印刷用ページを表示する 掲載日:2018年3月14日更新
 

Web資料館

城と館

田村四十八館を歩く〔6〕-熊耳館-

 国道288号線を船引へ向かうと、要田方向へ分岐する交差点があります。この北西の大きな丘が熊耳館(くまがみたて)跡です。この館跡は、三春城から最も近い館のひとつで、規模も大きく、三春城を防衛する上で重要な支城です。江戸時代の相馬街道は、三春を出て、この館の麓をぐるりと迂回して相馬へ向かっており、戦国時代も同じ道筋だったと推測されます。

 丘の上には、広い平場があり、平場を区切る深さ2mを超える大きな堀切も二箇所に残っています。近くには、南北朝時代の年号の記された石製供養塔がふたつ残されており、その頃からこの地域の中心的な場であったと想像されます。

 江戸時代に館跡を調査した記録に、熊耳館は「舘主熊耳太郎衛門」とあります。この熊耳氏について、江戸時代の歴史書には、田村清顕が家督相続する際に、熊耳掃部助らを旗下に属させたとあります。そして、天正16(1588)年に岩代町の宮森城に在陣した伊達政宗のもとへ挨拶にいった田村家臣の中に熊耳氏がいます。
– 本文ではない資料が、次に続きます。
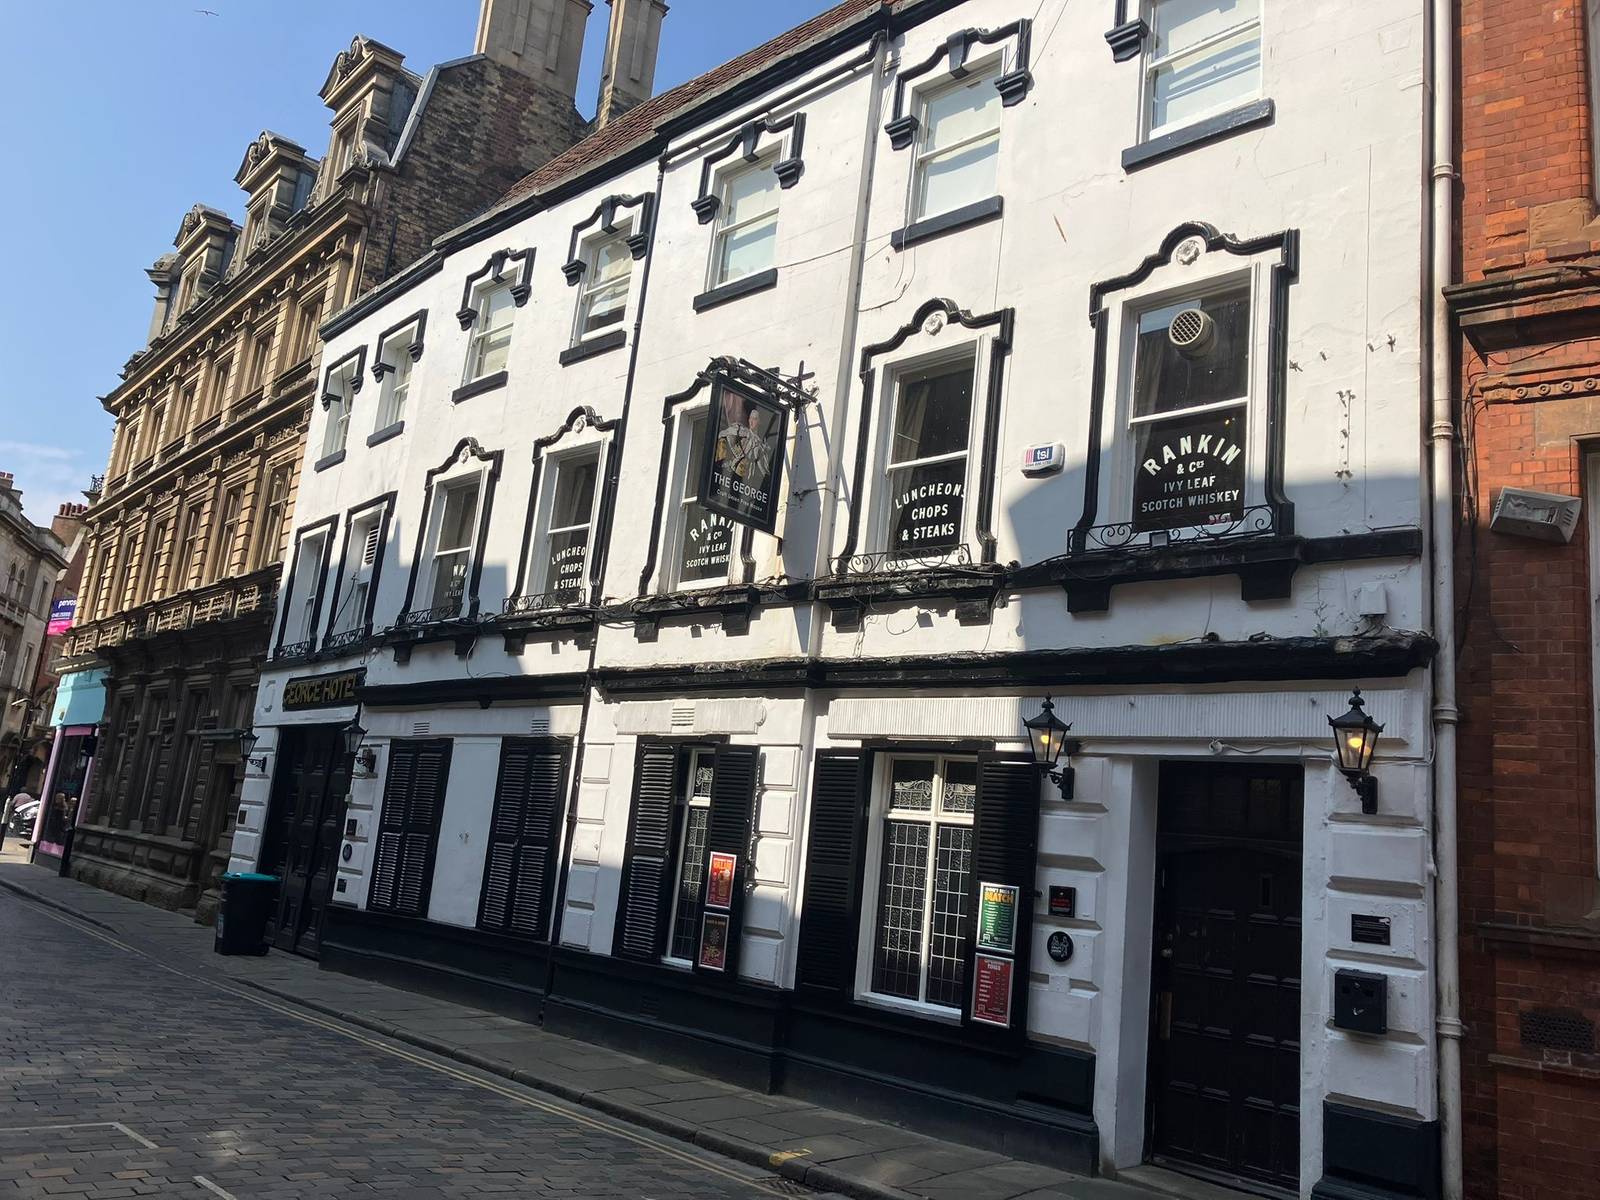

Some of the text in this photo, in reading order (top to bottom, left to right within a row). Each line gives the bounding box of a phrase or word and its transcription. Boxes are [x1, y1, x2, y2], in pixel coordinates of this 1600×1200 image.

[1143, 434, 1241, 476] RANKIN
[1176, 463, 1184, 474] &
[714, 471, 768, 504] THE GEORGE
[1164, 475, 1216, 493] IVY LEAF
[1141, 489, 1240, 512] SCOTCH WHISKEY
[911, 503, 949, 521] CHOPS
[901, 522, 955, 542] & STEAKS
[551, 546, 586, 565] LUNCHEO
[699, 542, 728, 554] IVY LEAF
[560, 562, 583, 574] CHOPS
[686, 554, 730, 568] SCOTCH WHISK
[560, 577, 582, 589] STEAK
[984, 892, 1014, 903] MATCH
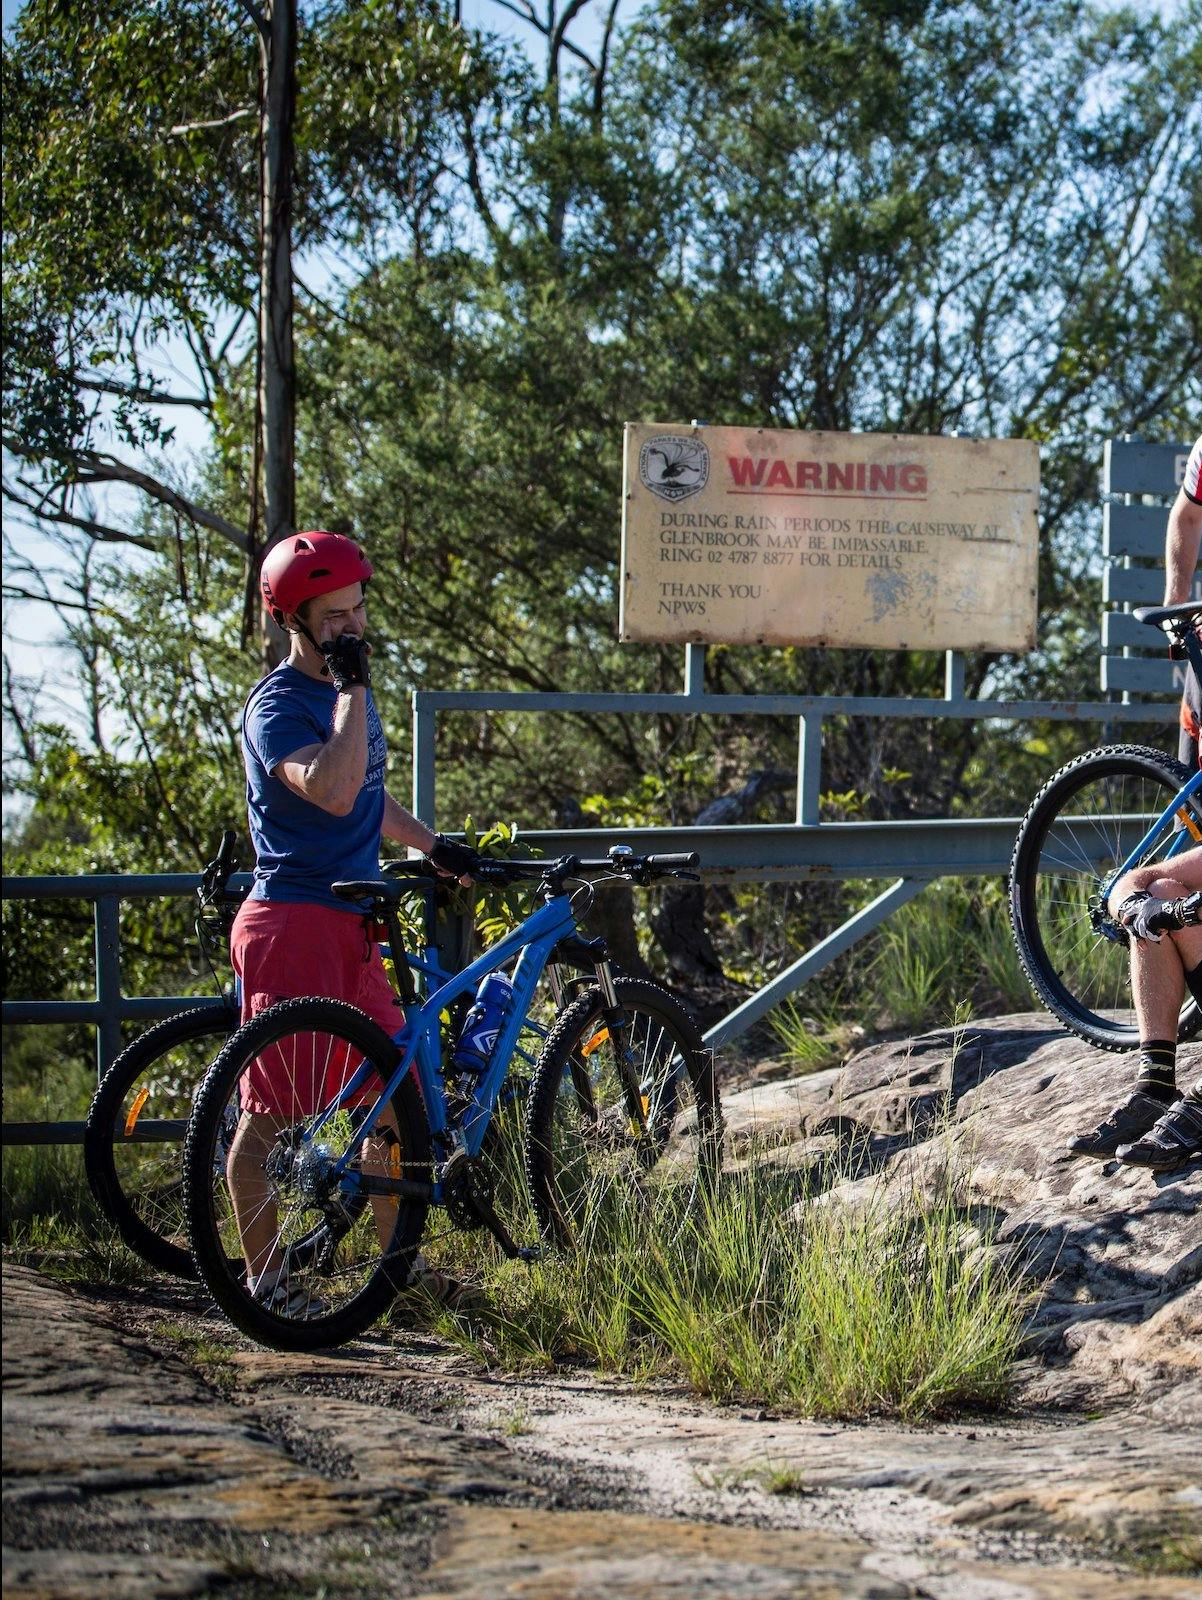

さらに、清顕の死後、家臣団の結束を固めるために作られた連判状と考えられる文書には、御幕下面々のひとりとして「熊耳又十郎」の名をみることができ、当時は田村家臣団の一員であったことがわかります。

 こうしたことから、南北朝時代から、この地域を治めていた領主が、田村氏の最盛期である清顕の時代に、田村氏の家臣となり、その居館も三春城の支城のひとつとして利用されたと考えられます。